Task prompt:
The records that follow must be repeated exactly, except for their pictures.

Provided material:

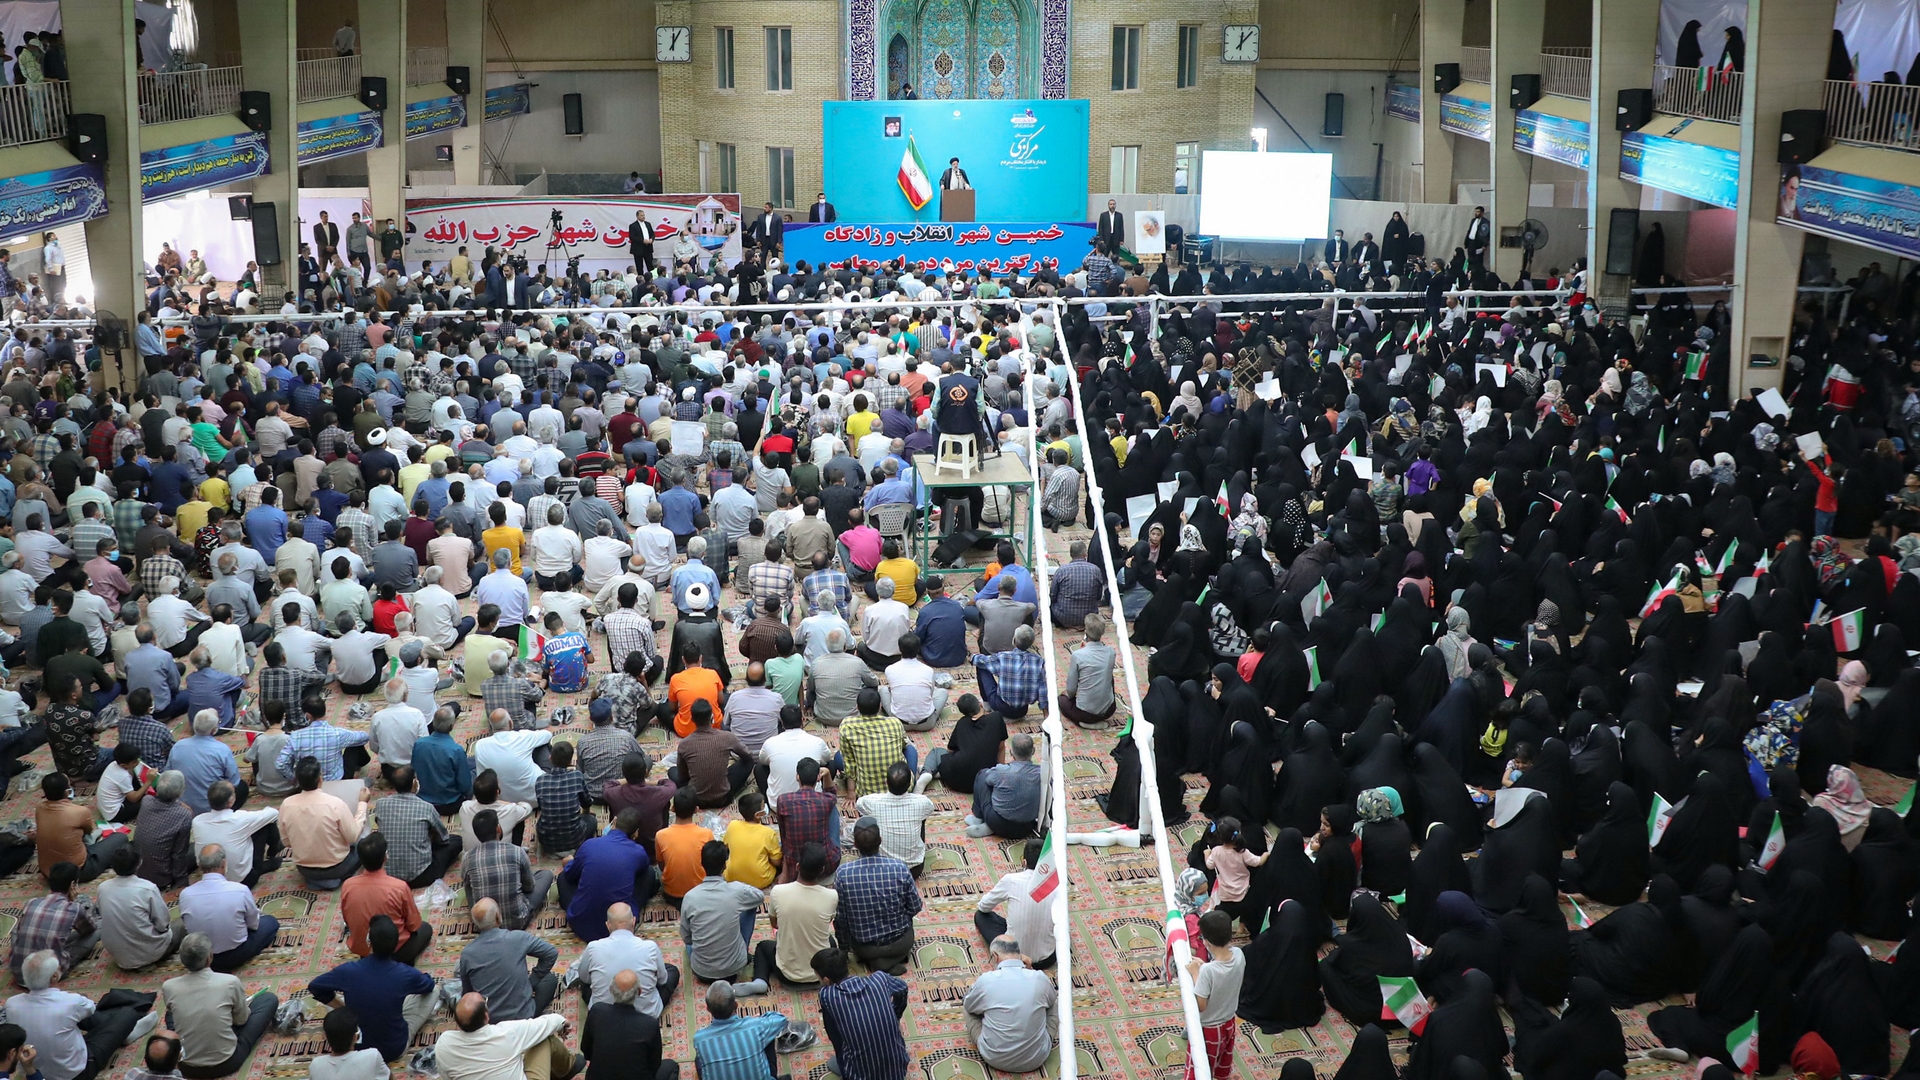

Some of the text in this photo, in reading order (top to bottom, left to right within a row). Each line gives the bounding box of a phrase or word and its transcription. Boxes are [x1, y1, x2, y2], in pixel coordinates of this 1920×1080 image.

[1010, 124, 1046, 160] مرکزی
[229, 152, 239, 167] نماز
[245, 149, 256, 163] رفتن
[167, 169, 176, 180] هم
[192, 163, 206, 177] دیدار
[206, 162, 214, 172] هم
[148, 174, 153, 187] و
[153, 171, 167, 183] زینت
[36, 199, 61, 223] خمینی
[61, 195, 77, 217] امام
[1803, 200, 1819, 215] است
[1818, 203, 1834, 222] زنده
[13, 206, 27, 226] یک
[1840, 211, 1865, 225] محمدی
[1864, 212, 1878, 230] ناب
[1877, 213, 1897, 234] اسلام
[423, 214, 680, 248] خن شهر حزب الله
[823, 223, 1064, 246] خمین شهر انقلاب و زادگاه
[1896, 218, 1903, 235] تا

Solution to the problem:
Some of the text in this photo, in reading order (top to bottom, left to right within a row). Each line gives the bounding box of a phrase or word and its transcription. Boxes are [x1, y1, x2, y2], in pixel coordinates of this 1920×1080 image.

[1010, 124, 1046, 160] مرکزی
[229, 152, 239, 167] نماز
[245, 149, 256, 163] رفتن
[167, 169, 176, 180] هم
[192, 163, 206, 177] دیدار
[206, 162, 214, 172] هم
[148, 174, 153, 187] و
[153, 171, 167, 183] زینت
[36, 199, 61, 223] خمینی
[61, 195, 77, 217] امام
[1803, 200, 1819, 215] است
[1818, 203, 1834, 222] زنده
[13, 206, 27, 226] یک
[1840, 211, 1865, 225] محمدی
[1864, 212, 1878, 230] ناب
[1877, 213, 1897, 234] اسلام
[423, 214, 680, 248] خن شهر حزب الله
[823, 223, 1064, 246] خمین شهر انقلاب و زادگاه
[1896, 218, 1903, 235] تا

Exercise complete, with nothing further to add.